London, 30th December 1762.
Sir,
Mr. Cook, late Master of the Northumberland, acquaints me that he has laid before their Lordships all his draughts and observations relating to the River St. Lawrence, part of the coast of Nova Scotia, and of Newfoundland.
On this occasion I beg to inform their Lordships that from my experience of Mr. Cook's genius and capacity, I think him well qualified for the work he has performed and for greater undertakings of the same kind. These draughts being made under my own eye, I can venture to say they may be the means of directing many in the right way, but cannot mislead any.

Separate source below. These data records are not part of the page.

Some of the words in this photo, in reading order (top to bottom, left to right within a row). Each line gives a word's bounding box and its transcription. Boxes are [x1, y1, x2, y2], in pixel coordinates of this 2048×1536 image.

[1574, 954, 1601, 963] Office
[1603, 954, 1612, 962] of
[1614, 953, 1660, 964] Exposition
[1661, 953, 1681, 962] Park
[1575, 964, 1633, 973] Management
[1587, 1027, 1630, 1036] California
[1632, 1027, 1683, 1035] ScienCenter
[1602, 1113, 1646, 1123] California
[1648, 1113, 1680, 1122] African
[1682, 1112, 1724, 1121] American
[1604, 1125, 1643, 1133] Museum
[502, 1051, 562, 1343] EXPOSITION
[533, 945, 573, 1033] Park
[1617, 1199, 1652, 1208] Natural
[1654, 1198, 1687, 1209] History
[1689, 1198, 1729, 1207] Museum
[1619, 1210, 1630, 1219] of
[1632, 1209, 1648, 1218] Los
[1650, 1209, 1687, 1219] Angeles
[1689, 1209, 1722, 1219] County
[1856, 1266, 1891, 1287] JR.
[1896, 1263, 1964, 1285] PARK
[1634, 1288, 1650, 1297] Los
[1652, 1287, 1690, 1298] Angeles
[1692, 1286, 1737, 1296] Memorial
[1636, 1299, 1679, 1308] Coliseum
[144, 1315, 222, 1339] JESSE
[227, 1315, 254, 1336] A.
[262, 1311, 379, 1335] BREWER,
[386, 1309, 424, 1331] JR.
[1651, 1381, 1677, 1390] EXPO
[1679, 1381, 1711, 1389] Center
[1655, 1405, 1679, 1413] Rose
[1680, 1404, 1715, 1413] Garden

I am, sir, your most obedient and most humble servant,
Colville.
Before the close of the year Cook took upon himself further responsibilities as set forth in the following extract from the register of St. Margaret's Church, Barking, Essex:
"James Cook of ye Parish of St. Paul, Shadwell, in ye County of Middlesex, Bachelor, and Elizabeth Batts, of ye parish of Barking in ye County of Essex, Spinster, were married in this Church by ye Archbishop of Canterbury's Licence, this 21st day of December, one thousand seven hundred and sixty-two, by George Downing, Vicar of Little Wakering, Essex."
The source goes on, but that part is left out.